In 1873, the settlement surrounding a railroad junction was officially chartered as the city of Manassas. The close-knit community that emerged since has been sustained for nearly 150 years and shows no signs of slowing down. This is undoubtedly due in part to the strong sense of community pride interwoven throughout residents’ daily life — from landmarks with accompanying plaques scattered throughout the city to annual events like seasonal festivals and holiday parades.

As the holiday season rapidly approaches, count on Manassas-based parades to unite appreciation of the community’s roots with its current-day spirit. This year’s holiday season parades in historic Old Town Manassas are the perfect opportunity for residents to showcase their community pride, whether it takes the form of attending, participating, or even volunteering.

Manassas Veterans Day Parade

The minutiae of daily life can sometimes blind us to whom we owe our freedom. This November, celebrate your patriotism by honoring the sacrifices made by members of the armed services at the Manassas Veteran’s Day Parade held Nov. 5, 2022, at 11 a.m.
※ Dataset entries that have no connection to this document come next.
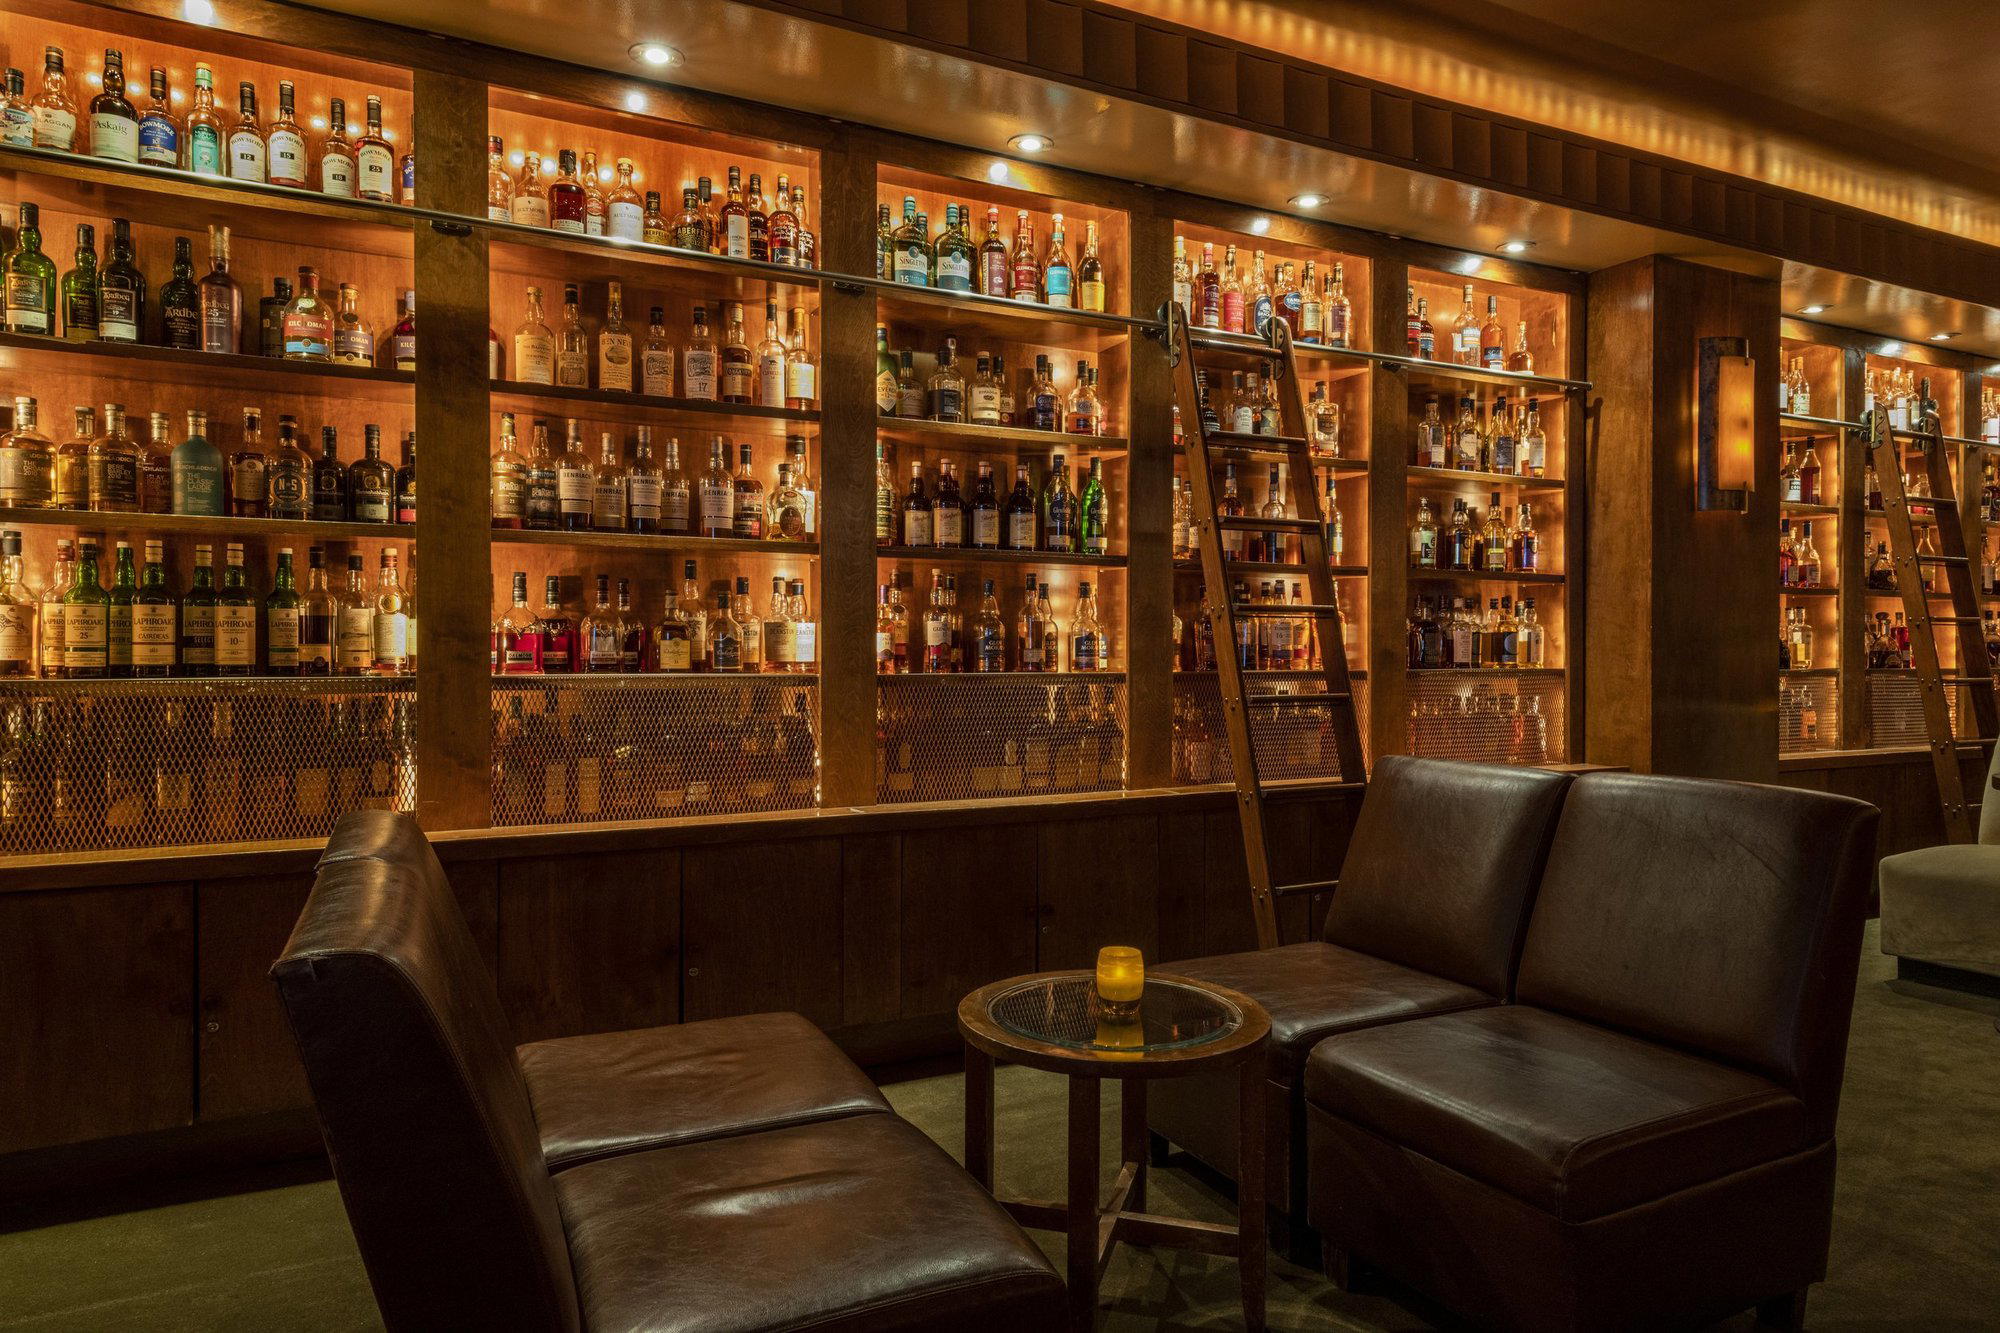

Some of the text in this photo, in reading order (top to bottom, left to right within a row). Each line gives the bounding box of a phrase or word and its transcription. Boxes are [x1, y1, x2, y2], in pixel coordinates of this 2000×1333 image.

[231, 136, 264, 150] BOWMORE
[271, 135, 304, 149] BOWMORE
[360, 149, 391, 162] BOWMORE
[322, 157, 355, 170] BOWMORE
[900, 275, 910, 283] 15
[698, 381, 708, 393] 17
[67, 618, 104, 627] LAPHROAIG
[133, 616, 174, 626] LAPHROAIG
[184, 620, 215, 628] LAPHRO
[216, 619, 255, 628] LAPHROAIG
[79, 632, 89, 640] 25
[229, 636, 240, 646] 10
The parade will begin at the Harris Pavilion and move down Prescott Avenue and through Center Street.

The parade includes military bands sure to evoke American pride with traditional military music, accompanying members of all the armed forces. In the past, the event has showcased multiple
generations of military excellence — from the Junior ROTC to veterans of wars past.

“Every year our parade honors veterans in the community,” said Mark Meier, Board Chairman of VetPar Inc., who organizes the parade. “Our Grand Marshals are selected from the community. We seek support to sponsor the parade from the community. We encourage families and friends to join us in honoring veterans.”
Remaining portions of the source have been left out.